> **Data**
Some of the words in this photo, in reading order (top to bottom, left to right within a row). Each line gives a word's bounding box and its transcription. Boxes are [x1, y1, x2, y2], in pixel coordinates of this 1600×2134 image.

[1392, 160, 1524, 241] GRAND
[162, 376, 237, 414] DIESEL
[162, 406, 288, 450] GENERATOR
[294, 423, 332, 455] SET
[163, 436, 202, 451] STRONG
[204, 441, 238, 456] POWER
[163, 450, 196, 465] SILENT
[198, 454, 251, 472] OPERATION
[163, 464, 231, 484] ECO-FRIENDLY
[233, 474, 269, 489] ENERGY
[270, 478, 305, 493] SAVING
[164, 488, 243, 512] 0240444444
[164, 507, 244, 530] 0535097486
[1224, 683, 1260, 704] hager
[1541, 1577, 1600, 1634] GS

--

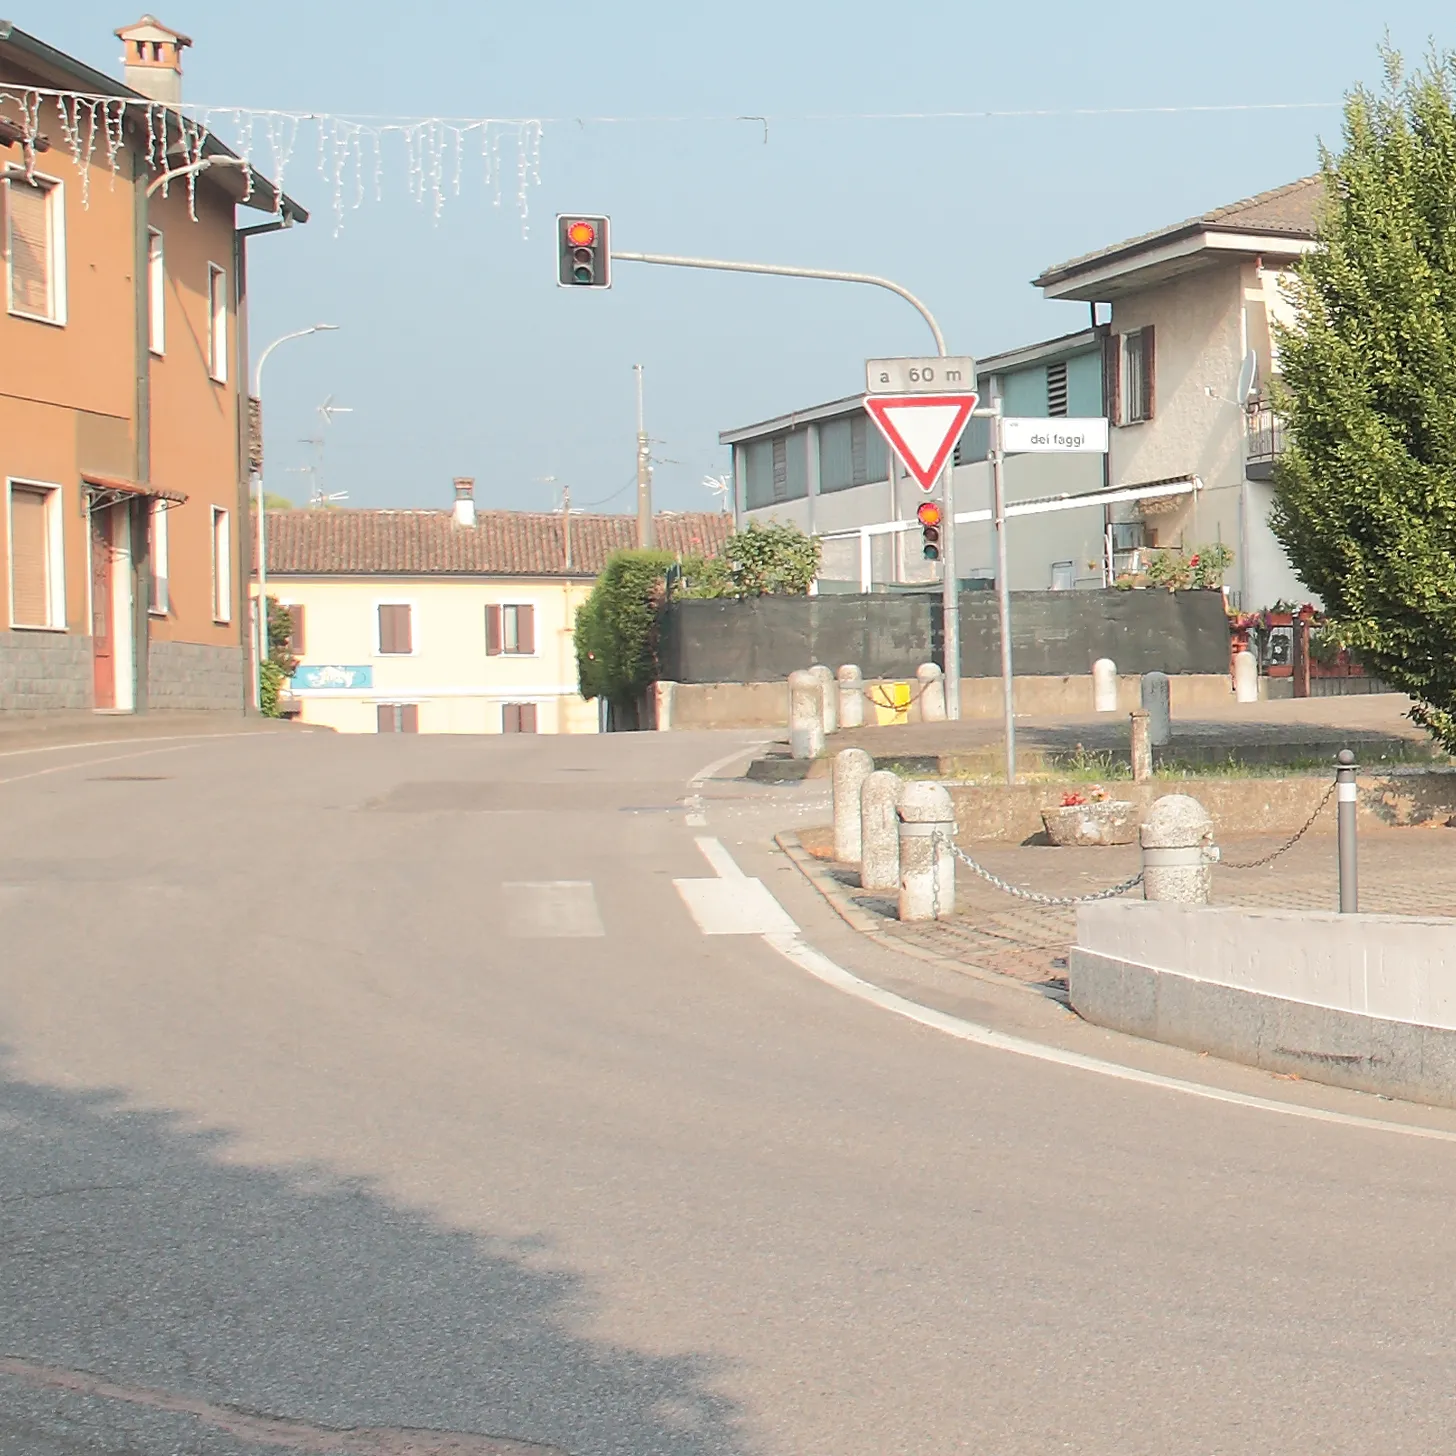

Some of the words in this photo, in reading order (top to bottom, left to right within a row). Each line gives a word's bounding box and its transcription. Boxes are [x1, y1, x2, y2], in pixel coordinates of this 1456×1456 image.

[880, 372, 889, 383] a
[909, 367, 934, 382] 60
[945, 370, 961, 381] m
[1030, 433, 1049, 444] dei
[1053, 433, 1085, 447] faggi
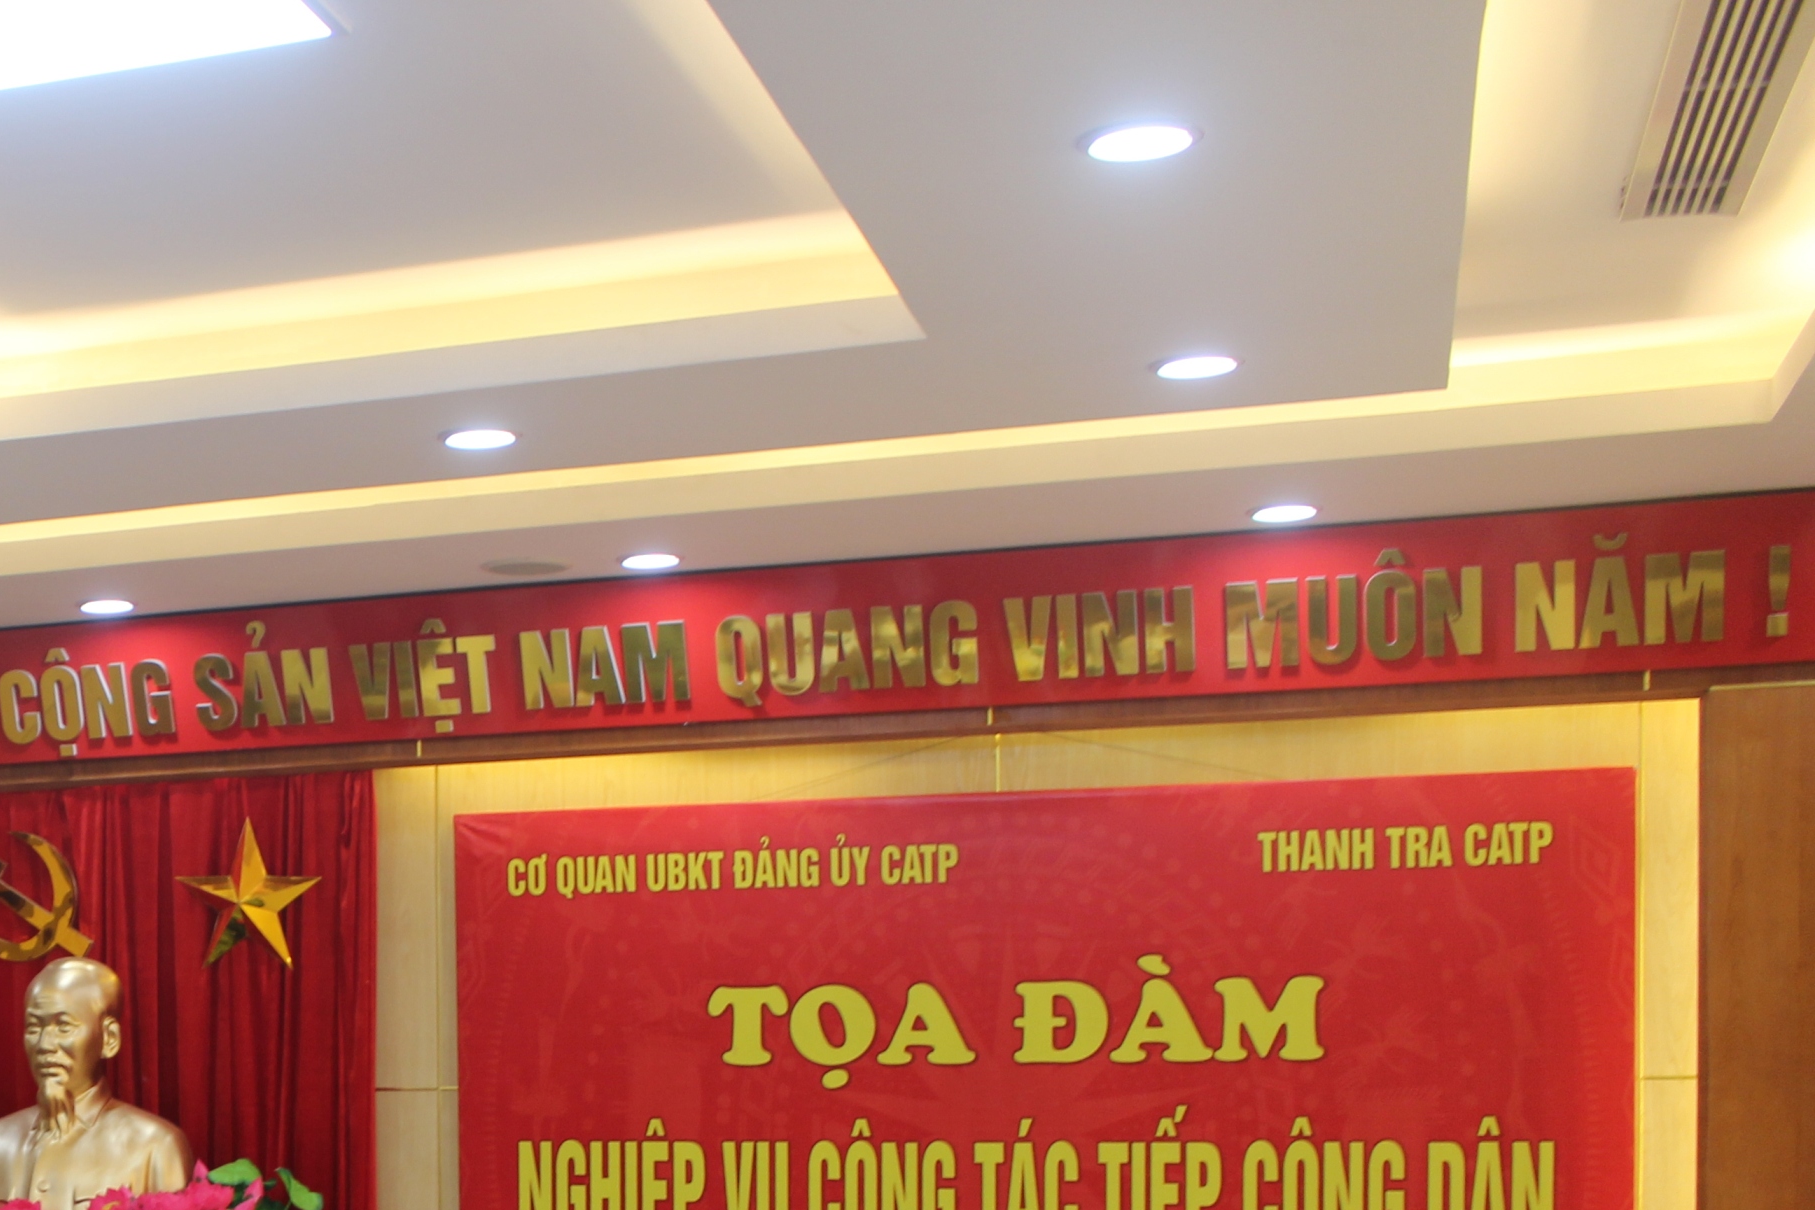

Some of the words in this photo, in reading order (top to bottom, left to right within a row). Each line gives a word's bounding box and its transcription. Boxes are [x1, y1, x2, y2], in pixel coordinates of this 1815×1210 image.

> **Directions**
Copy everything above from the line holding "this 1456×1456 image." down to the line holding "this 1815×1210 image.", both ends included, exactly as it stands and without the pictures.

> **Solution to this task**
Some of the words in this photo, in reading order (top to bottom, left to right within a row). Each line gives a word's bounding box and its transcription. Boxes are [x1, y1, x2, y2], in pixel coordinates of this 1456×1456 image.

[880, 372, 889, 383] a
[909, 367, 934, 382] 60
[945, 370, 961, 381] m
[1030, 433, 1049, 444] dei
[1053, 433, 1085, 447] faggi

Some of the words in this photo, in reading order (top to bottom, left to right within a row). Each line gives a word's bounding box and its transcription. Boxes are [x1, y1, x2, y2], in pixel coordinates of this 1815×1210 image.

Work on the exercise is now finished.